→ **Work to be completed**
Type out the data again, word for word and in full.

→ **Data extracted from a collection**

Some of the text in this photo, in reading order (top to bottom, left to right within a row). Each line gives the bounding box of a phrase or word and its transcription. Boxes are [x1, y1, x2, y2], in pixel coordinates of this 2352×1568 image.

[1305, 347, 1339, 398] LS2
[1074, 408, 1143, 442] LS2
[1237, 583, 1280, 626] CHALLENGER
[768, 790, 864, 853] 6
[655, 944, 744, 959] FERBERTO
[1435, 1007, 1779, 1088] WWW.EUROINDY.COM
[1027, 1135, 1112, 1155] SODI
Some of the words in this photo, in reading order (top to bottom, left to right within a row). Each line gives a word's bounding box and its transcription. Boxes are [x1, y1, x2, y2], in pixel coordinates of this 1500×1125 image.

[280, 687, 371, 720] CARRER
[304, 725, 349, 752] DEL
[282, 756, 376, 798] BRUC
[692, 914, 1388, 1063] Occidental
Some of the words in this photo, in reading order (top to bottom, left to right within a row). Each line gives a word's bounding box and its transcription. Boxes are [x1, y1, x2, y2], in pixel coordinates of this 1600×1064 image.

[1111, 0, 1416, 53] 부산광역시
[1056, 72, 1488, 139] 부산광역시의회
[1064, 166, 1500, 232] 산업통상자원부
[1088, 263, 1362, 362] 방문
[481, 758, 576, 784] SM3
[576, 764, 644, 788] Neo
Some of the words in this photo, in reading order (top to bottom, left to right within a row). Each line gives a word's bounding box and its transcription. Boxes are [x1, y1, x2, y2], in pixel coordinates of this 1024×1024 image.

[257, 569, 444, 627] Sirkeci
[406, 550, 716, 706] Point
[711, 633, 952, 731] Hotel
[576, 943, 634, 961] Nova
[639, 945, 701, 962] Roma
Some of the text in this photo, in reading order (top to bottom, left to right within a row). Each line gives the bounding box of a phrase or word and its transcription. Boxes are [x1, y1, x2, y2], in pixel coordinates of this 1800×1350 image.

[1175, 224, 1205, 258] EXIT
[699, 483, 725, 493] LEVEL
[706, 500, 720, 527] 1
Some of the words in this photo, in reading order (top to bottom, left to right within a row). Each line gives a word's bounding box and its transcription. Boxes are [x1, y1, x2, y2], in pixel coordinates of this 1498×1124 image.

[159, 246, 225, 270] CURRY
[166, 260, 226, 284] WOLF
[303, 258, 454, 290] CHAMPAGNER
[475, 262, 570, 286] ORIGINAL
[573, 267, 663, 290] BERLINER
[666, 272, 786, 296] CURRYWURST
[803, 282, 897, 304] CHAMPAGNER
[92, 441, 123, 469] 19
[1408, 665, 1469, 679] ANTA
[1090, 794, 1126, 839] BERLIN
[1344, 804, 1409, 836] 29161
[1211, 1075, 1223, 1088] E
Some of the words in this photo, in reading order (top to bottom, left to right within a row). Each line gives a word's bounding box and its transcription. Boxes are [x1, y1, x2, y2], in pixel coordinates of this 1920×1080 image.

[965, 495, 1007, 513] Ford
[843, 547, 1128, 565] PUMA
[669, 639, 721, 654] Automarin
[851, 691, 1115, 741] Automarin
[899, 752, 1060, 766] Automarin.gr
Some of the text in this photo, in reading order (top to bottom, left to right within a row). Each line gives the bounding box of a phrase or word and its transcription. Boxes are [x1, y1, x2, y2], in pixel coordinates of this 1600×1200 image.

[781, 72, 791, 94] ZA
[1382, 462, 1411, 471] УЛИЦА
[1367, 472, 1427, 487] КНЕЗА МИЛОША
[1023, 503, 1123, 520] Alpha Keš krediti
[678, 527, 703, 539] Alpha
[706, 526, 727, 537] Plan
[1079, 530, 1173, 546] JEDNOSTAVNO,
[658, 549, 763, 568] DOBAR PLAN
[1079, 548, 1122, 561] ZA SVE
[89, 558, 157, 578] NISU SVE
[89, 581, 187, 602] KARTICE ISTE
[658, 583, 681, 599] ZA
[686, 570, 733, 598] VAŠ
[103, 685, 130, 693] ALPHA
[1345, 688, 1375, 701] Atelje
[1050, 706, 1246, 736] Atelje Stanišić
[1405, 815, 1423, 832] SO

→ **Response to the exercise**
Some of the text in this photo, in reading order (top to bottom, left to right within a row). Each line gives the bounding box of a phrase or word and its transcription. Boxes are [x1, y1, x2, y2], in pixel coordinates of this 2352×1568 image.

[1305, 347, 1339, 398] LS2
[1074, 408, 1143, 442] LS2
[1237, 583, 1280, 626] CHALLENGER
[768, 790, 864, 853] 6
[655, 944, 744, 959] FERBERTO
[1435, 1007, 1779, 1088] WWW.EUROINDY.COM
[1027, 1135, 1112, 1155] SODI
Some of the words in this photo, in reading order (top to bottom, left to right within a row). Each line gives a word's bounding box and its transcription. Boxes are [x1, y1, x2, y2], in pixel coordinates of this 1500×1125 image.

[280, 687, 371, 720] CARRER
[304, 725, 349, 752] DEL
[282, 756, 376, 798] BRUC
[692, 914, 1388, 1063] Occidental
Some of the words in this photo, in reading order (top to bottom, left to right within a row). Each line gives a word's bounding box and its transcription. Boxes are [x1, y1, x2, y2], in pixel coordinates of this 1600×1064 image.

[1111, 0, 1416, 53] 부산광역시
[1056, 72, 1488, 139] 부산광역시의회
[1064, 166, 1500, 232] 산업통상자원부
[1088, 263, 1362, 362] 방문
[481, 758, 576, 784] SM3
[576, 764, 644, 788] Neo
Some of the words in this photo, in reading order (top to bottom, left to right within a row). Each line gives a word's bounding box and its transcription. Boxes are [x1, y1, x2, y2], in pixel coordinates of this 1024×1024 image.

[257, 569, 444, 627] Sirkeci
[406, 550, 716, 706] Point
[711, 633, 952, 731] Hotel
[576, 943, 634, 961] Nova
[639, 945, 701, 962] Roma
Some of the text in this photo, in reading order (top to bottom, left to right within a row). Each line gives the bounding box of a phrase or word and its transcription. Boxes are [x1, y1, x2, y2], in pixel coordinates of this 1800×1350 image.

[1175, 224, 1205, 258] EXIT
[699, 483, 725, 493] LEVEL
[706, 500, 720, 527] 1
Some of the words in this photo, in reading order (top to bottom, left to right within a row). Each line gives a word's bounding box and its transcription. Boxes are [x1, y1, x2, y2], in pixel coordinates of this 1498×1124 image.

[159, 246, 225, 270] CURRY
[166, 260, 226, 284] WOLF
[303, 258, 454, 290] CHAMPAGNER
[475, 262, 570, 286] ORIGINAL
[573, 267, 663, 290] BERLINER
[666, 272, 786, 296] CURRYWURST
[803, 282, 897, 304] CHAMPAGNER
[92, 441, 123, 469] 19
[1408, 665, 1469, 679] ANTA
[1090, 794, 1126, 839] BERLIN
[1344, 804, 1409, 836] 29161
[1211, 1075, 1223, 1088] E
Some of the words in this photo, in reading order (top to bottom, left to right within a row). Each line gives a word's bounding box and its transcription. Boxes are [x1, y1, x2, y2], in pixel coordinates of this 1920×1080 image.

[965, 495, 1007, 513] Ford
[843, 547, 1128, 565] PUMA
[669, 639, 721, 654] Automarin
[851, 691, 1115, 741] Automarin
[899, 752, 1060, 766] Automarin.gr
Some of the text in this photo, in reading order (top to bottom, left to right within a row). Each line gives the bounding box of a phrase or word and its transcription. Boxes are [x1, y1, x2, y2], in pixel coordinates of this 1600×1200 image.

[781, 72, 791, 94] ZA
[1382, 462, 1411, 471] УЛИЦА
[1367, 472, 1427, 487] КНЕЗА МИЛОША
[1023, 503, 1123, 520] Alpha Keš krediti
[678, 527, 703, 539] Alpha
[706, 526, 727, 537] Plan
[1079, 530, 1173, 546] JEDNOSTAVNO,
[658, 549, 763, 568] DOBAR PLAN
[1079, 548, 1122, 561] ZA SVE
[89, 558, 157, 578] NISU SVE
[89, 581, 187, 602] KARTICE ISTE
[658, 583, 681, 599] ZA
[686, 570, 733, 598] VAŠ
[103, 685, 130, 693] ALPHA
[1345, 688, 1375, 701] Atelje
[1050, 706, 1246, 736] Atelje Stanišić
[1405, 815, 1423, 832] SO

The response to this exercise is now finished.